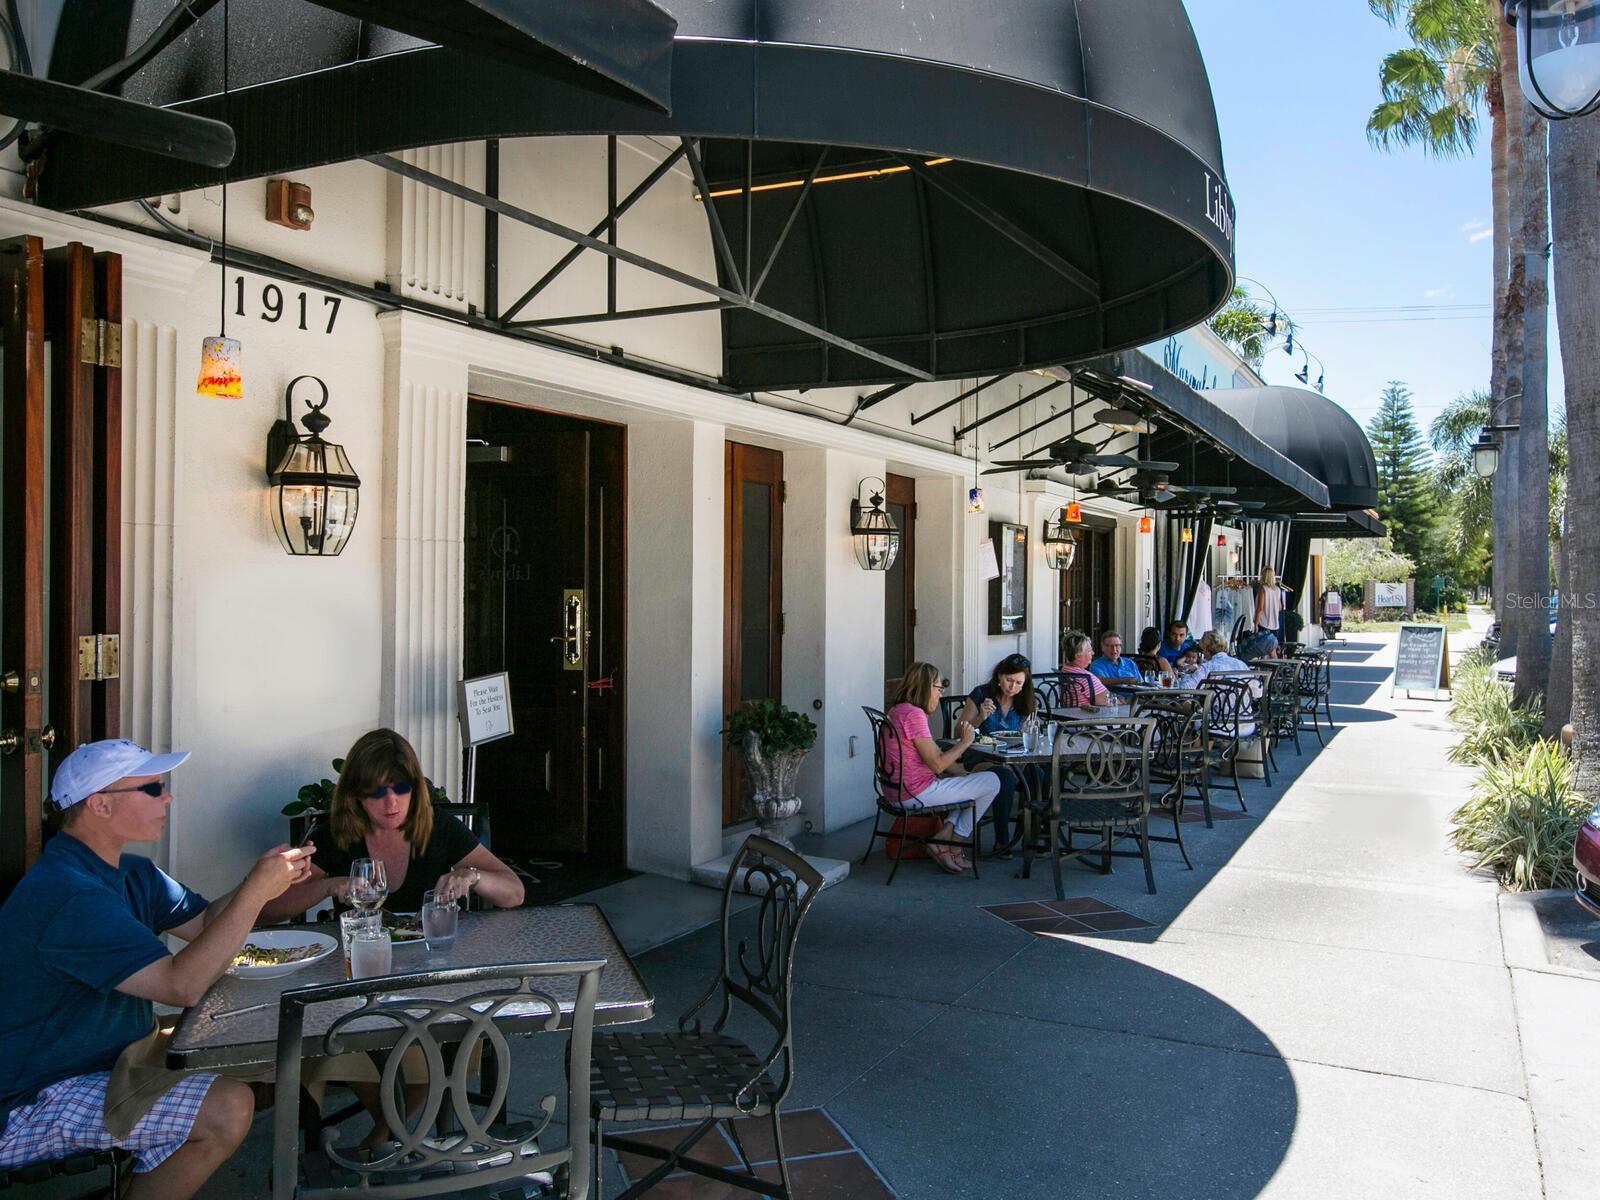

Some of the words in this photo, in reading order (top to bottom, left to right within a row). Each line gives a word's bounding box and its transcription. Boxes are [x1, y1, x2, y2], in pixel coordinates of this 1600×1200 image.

[234, 276, 342, 334] 1917
[473, 689, 488, 697] Please
[478, 697, 487, 705] the
[482, 705, 492, 714] Seat
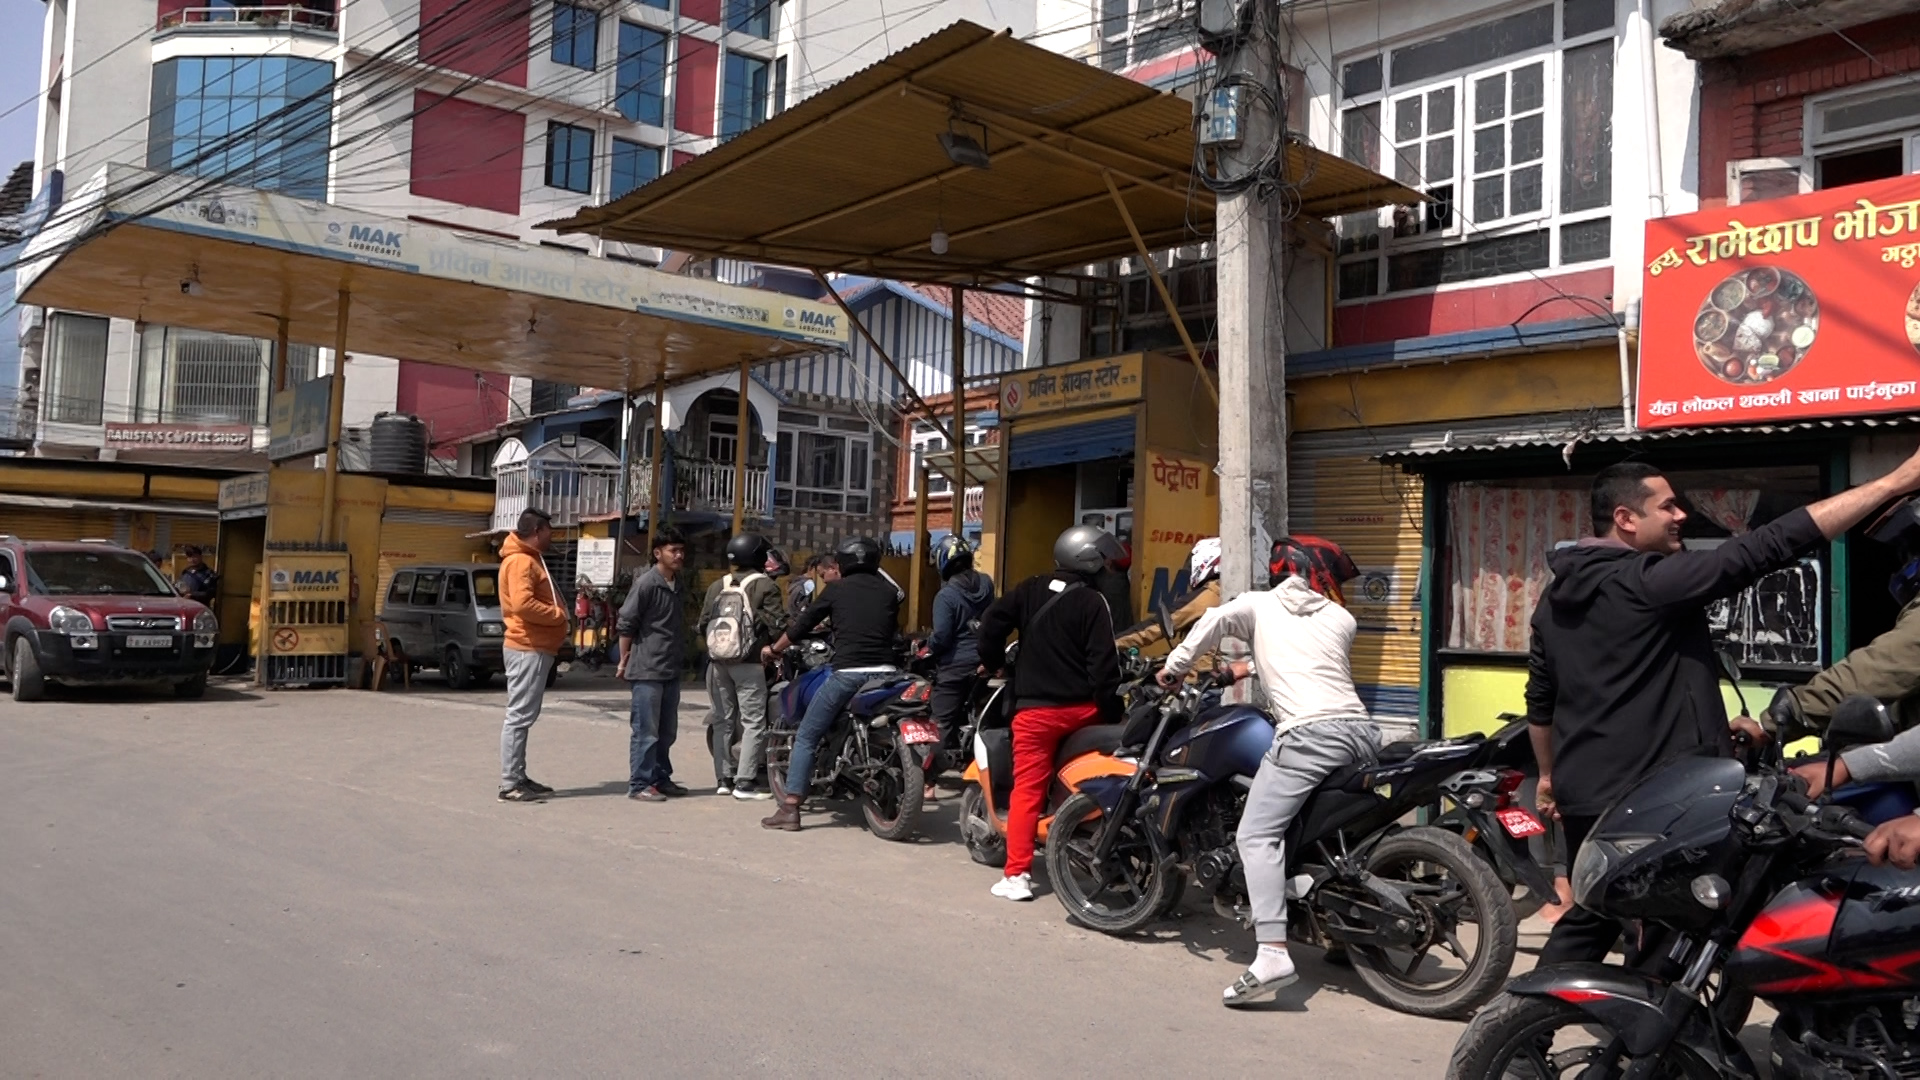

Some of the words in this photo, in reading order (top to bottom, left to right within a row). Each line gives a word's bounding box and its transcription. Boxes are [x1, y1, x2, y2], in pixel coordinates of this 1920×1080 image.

[349, 224, 402, 248] MAK
[1686, 216, 1823, 266] रामेछाप
[800, 309, 836, 328] MAK
[1682, 396, 1734, 414] लोकल
[1797, 387, 1841, 404] खाना
[212, 432, 247, 446] SHOP
[1152, 457, 1200, 492] पेट्रोल
[1150, 529, 1219, 545] SIPRA
[293, 570, 340, 584] MAK
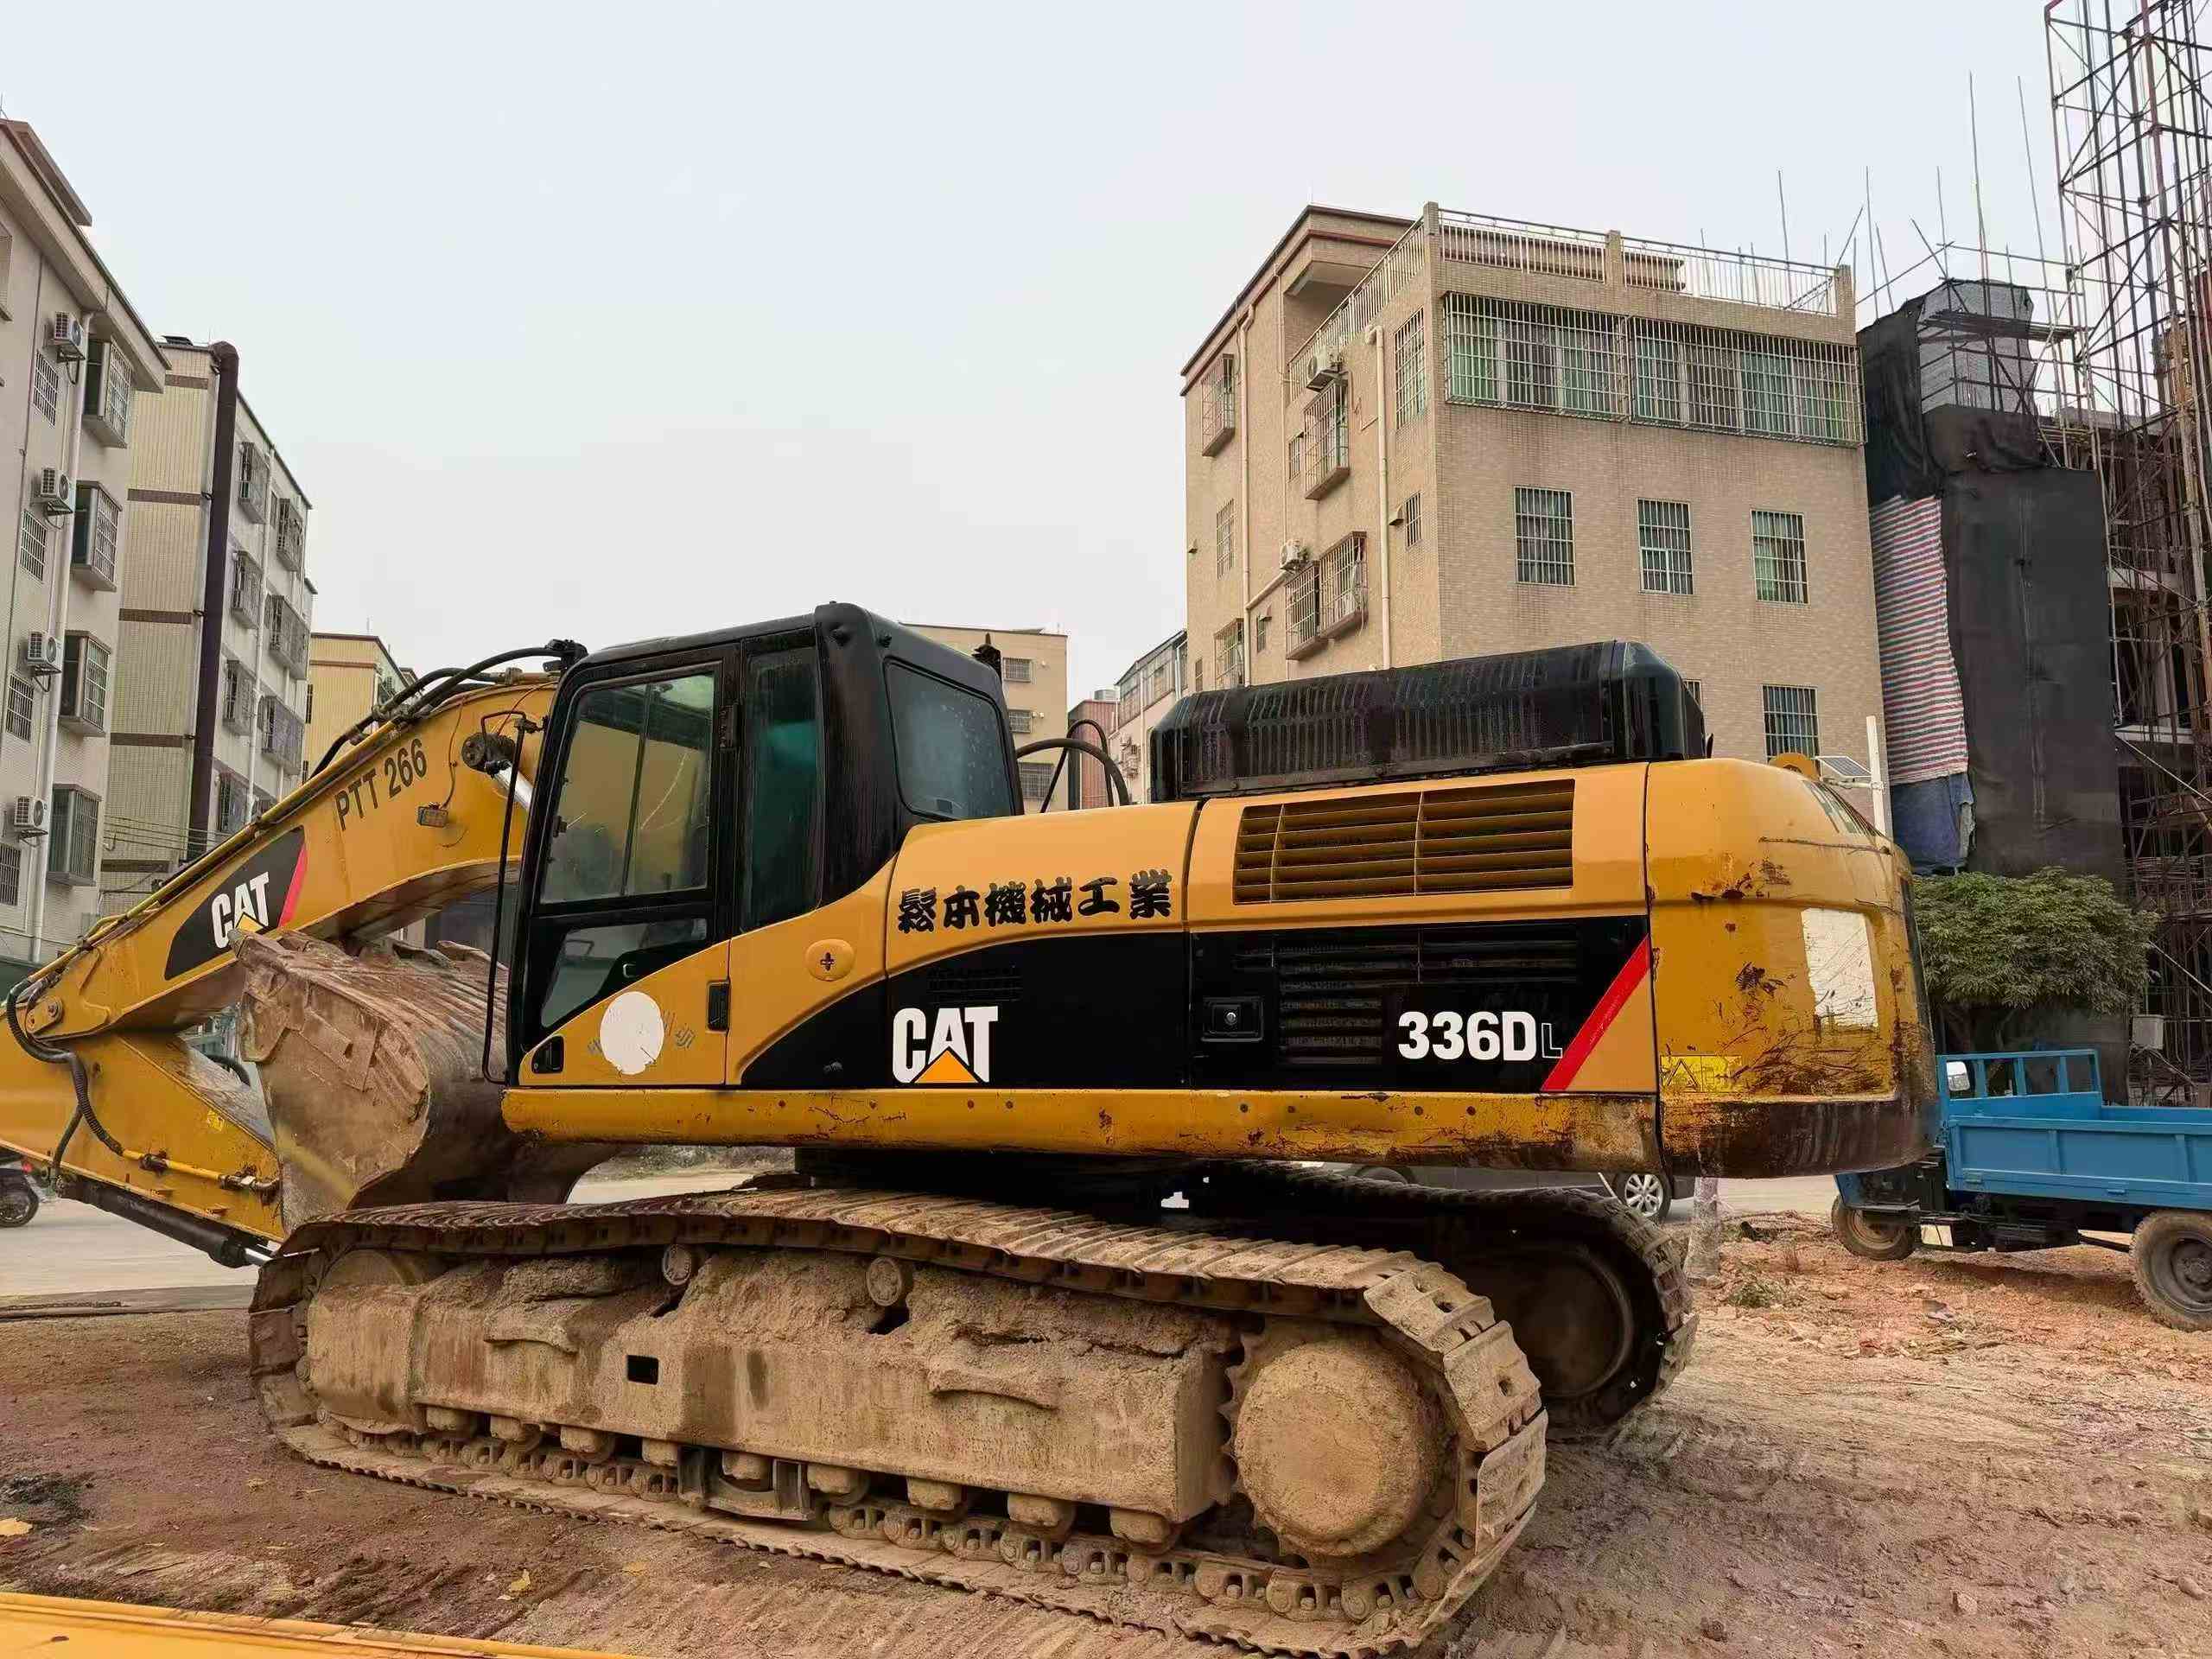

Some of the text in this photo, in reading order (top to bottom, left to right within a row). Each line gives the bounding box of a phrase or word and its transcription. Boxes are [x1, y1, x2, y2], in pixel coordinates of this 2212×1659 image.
=-=-=-=-=
ABOUT THIS EXERCISE >> Repeat the records above verbatim, dropping the pictures.

WRITTEN ANSWER >>
Some of the words in this photo, in reading order (top to bottom, left to right within a row). Each line gives a word's bounding box and its transcription. Boxes are [x1, y1, x2, y2], in pixel coordinates of this 1600×1200 image.

[234, 276, 342, 334] 1917
[473, 689, 488, 697] Please
[478, 697, 487, 705] the
[482, 705, 492, 714] Seat

Some of the words in this photo, in reading order (top to bottom, left to right within a row). Each line gives a word's bounding box and its transcription. Boxes are [x1, y1, x2, y2], in pixel coordinates of this 1920×1080 image.

[349, 224, 402, 248] MAK
[1686, 216, 1823, 266] रामेछाप
[800, 309, 836, 328] MAK
[1682, 396, 1734, 414] लोकल
[1797, 387, 1841, 404] खाना
[212, 432, 247, 446] SHOP
[1152, 457, 1200, 492] पेट्रोल
[1150, 529, 1219, 545] SIPRA
[293, 570, 340, 584] MAK

Some of the text in this photo, in reading order (top to bottom, left to right within a row). Each line gives the bounding box of a phrase or word and its transcription. Boxes are [x1, y1, x2, y2], in pixel coordinates of this 2212×1659 image.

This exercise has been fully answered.